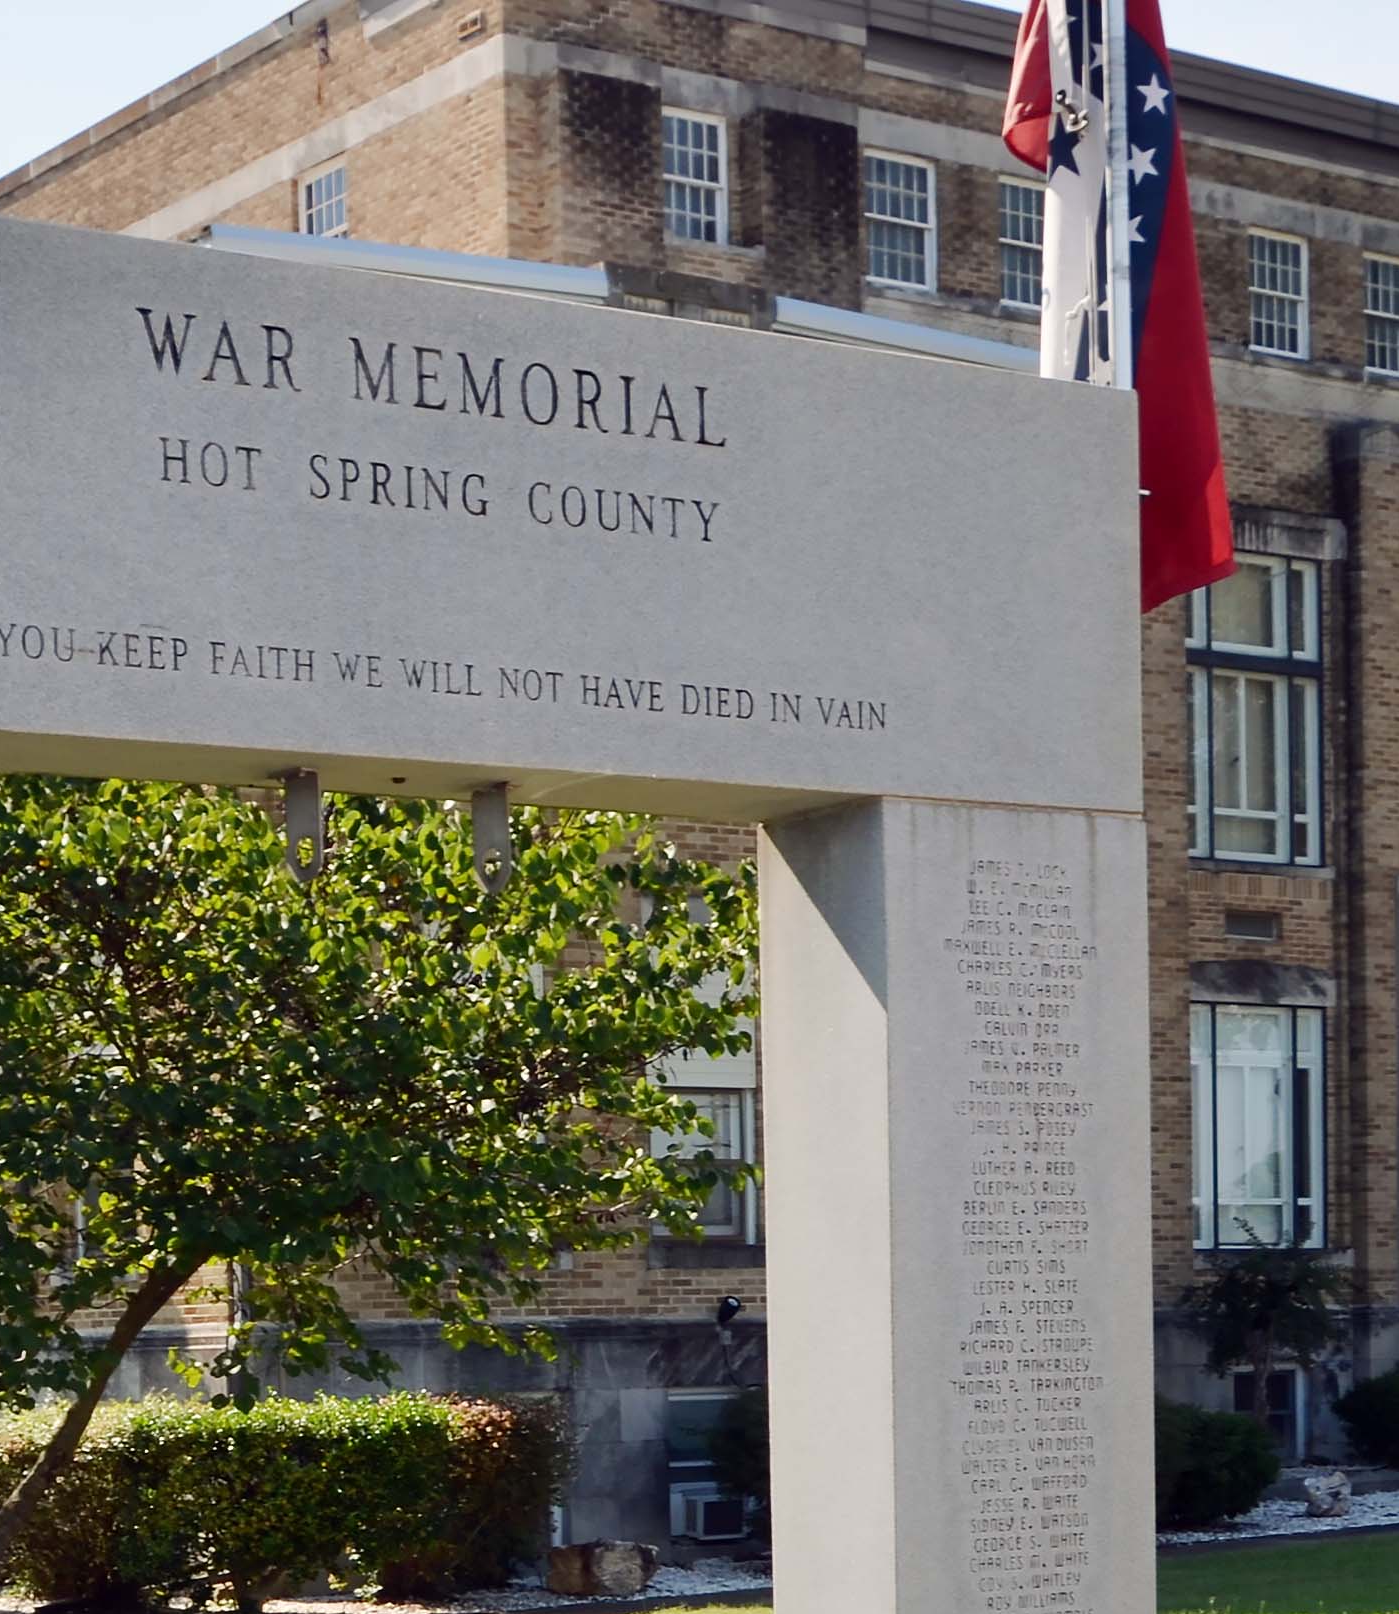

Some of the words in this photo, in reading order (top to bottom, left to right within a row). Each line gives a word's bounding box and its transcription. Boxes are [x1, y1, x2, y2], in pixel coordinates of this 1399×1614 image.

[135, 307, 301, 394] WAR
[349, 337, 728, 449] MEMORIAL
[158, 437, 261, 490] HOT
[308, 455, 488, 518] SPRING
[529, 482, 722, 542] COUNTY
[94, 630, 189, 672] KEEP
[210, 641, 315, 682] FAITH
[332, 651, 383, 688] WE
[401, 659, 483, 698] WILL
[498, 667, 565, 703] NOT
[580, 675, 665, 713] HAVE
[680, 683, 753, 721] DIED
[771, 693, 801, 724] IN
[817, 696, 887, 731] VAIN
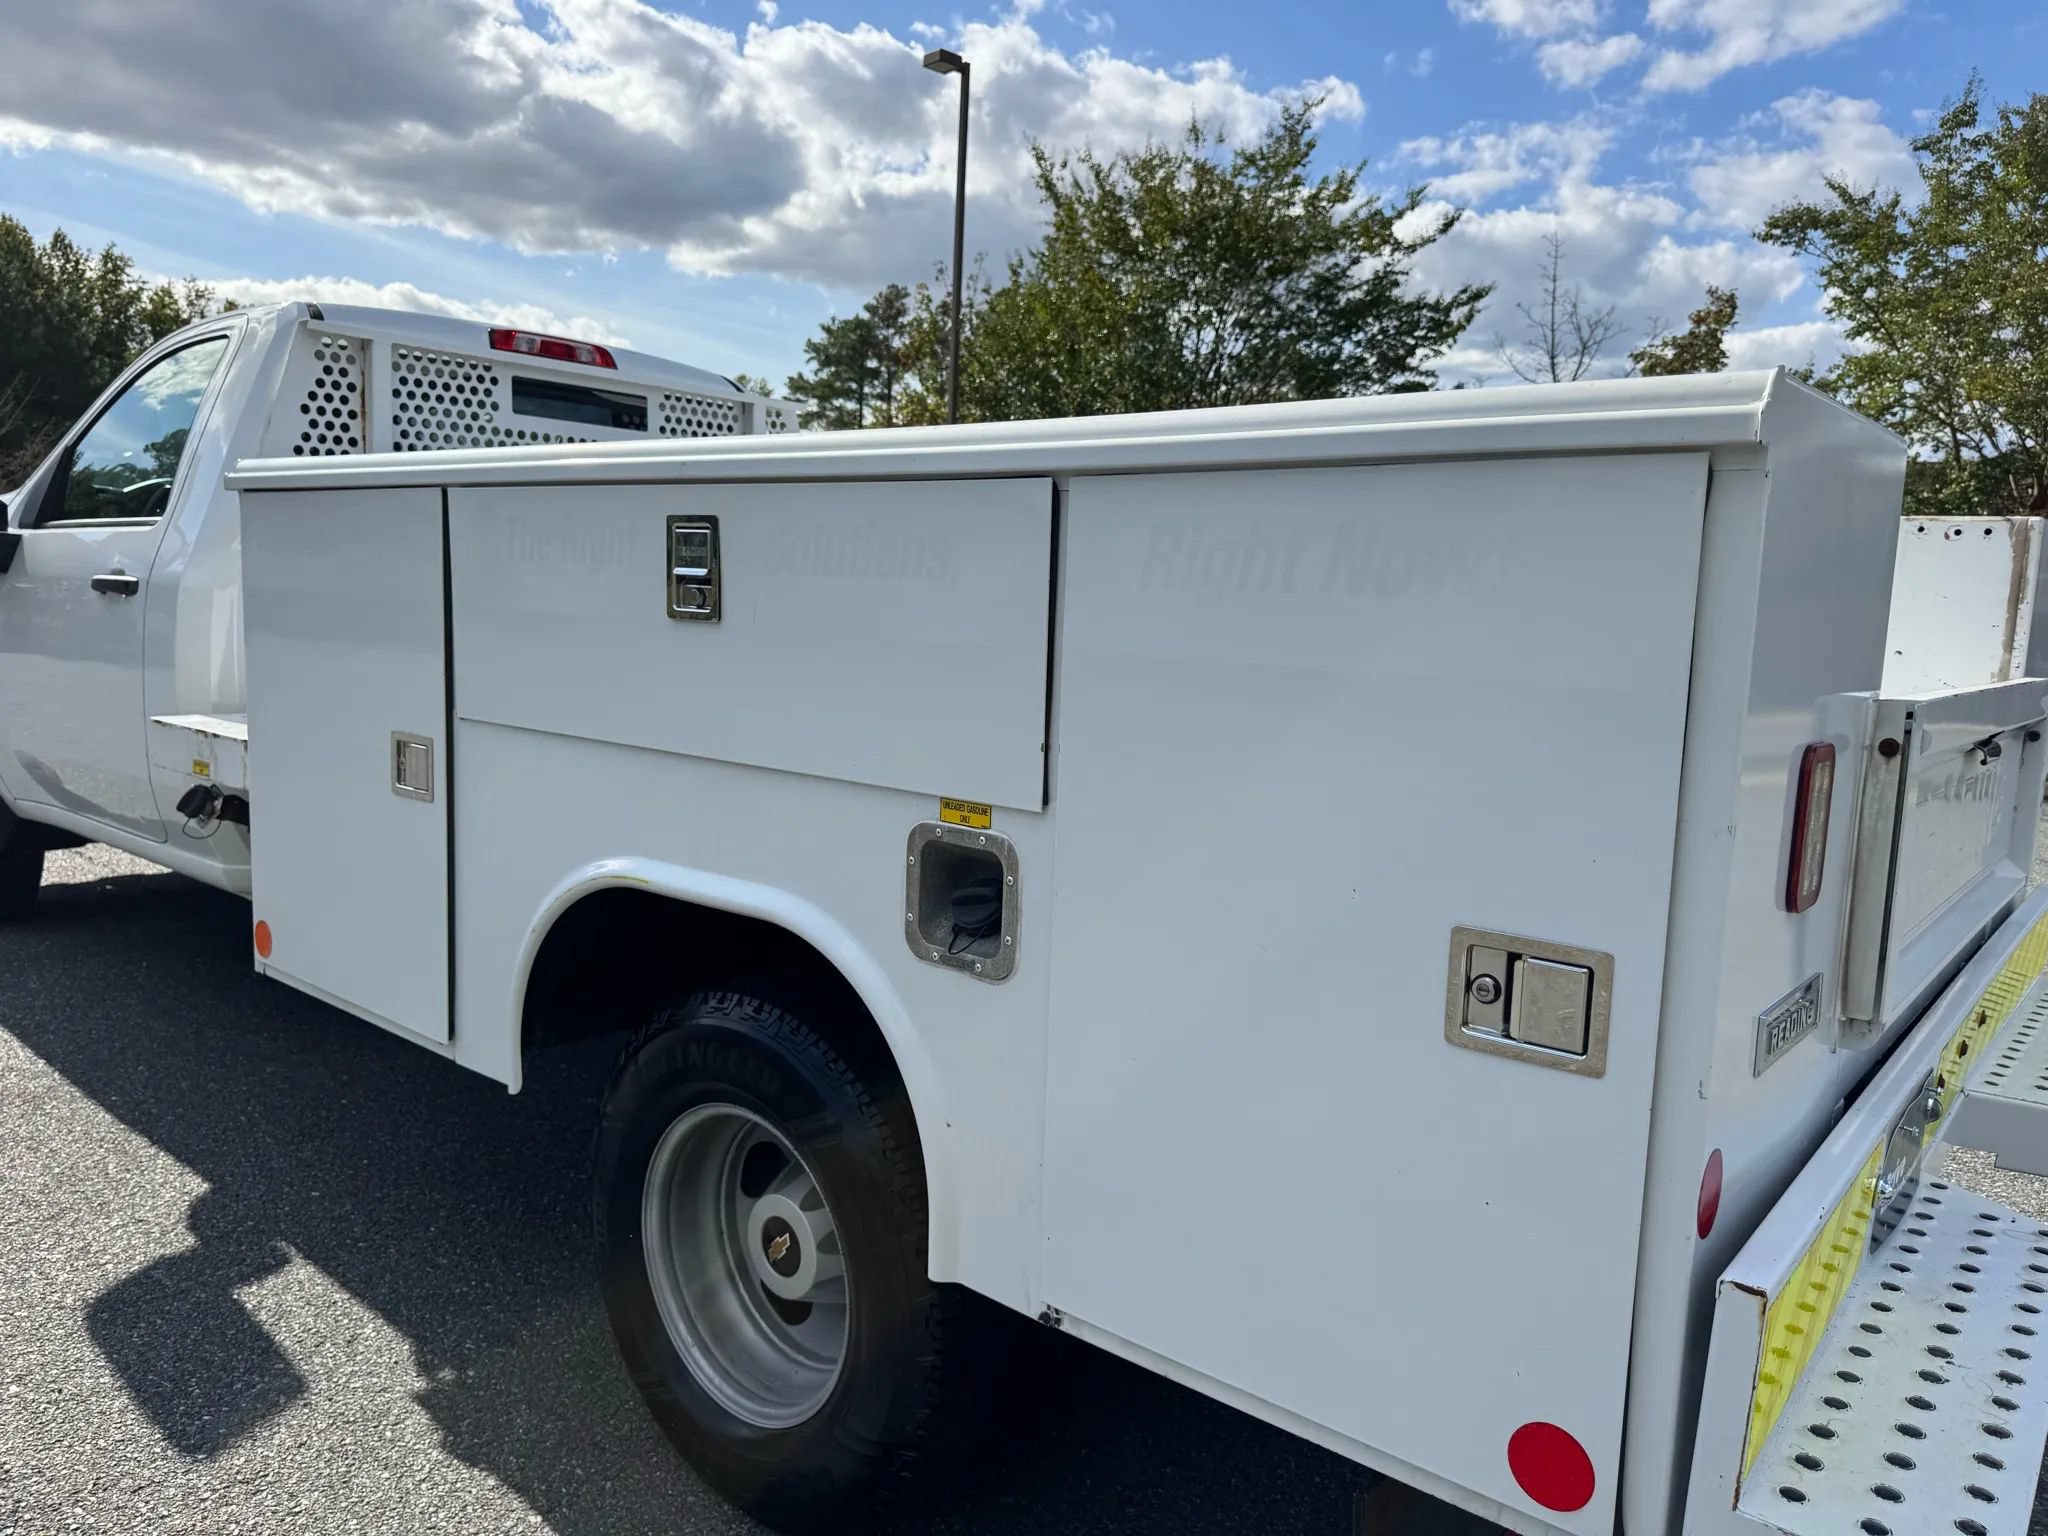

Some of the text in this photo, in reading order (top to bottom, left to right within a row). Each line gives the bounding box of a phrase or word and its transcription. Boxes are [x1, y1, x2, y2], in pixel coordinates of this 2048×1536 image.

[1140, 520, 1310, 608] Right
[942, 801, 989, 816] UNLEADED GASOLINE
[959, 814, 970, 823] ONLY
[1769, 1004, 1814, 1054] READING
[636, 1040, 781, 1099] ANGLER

——

*TASK INSTRUCTIONS:*
Starting at the line that holds "Some of the text", set down each line exactly through the last line of the records above, and no others.

*RESPONSE TO THE EXERCISE:*
Some of the text in this photo, in reading order (top to bottom, left to right within a row). Each line gives the bounding box of a phrase or word and its transcription. Boxes are [x1, y1, x2, y2], in pixel coordinates of this 2048×1536 image.

[1140, 520, 1310, 608] Right
[942, 801, 989, 816] UNLEADED GASOLINE
[959, 814, 970, 823] ONLY
[1769, 1004, 1814, 1054] READING
[636, 1040, 781, 1099] ANGLER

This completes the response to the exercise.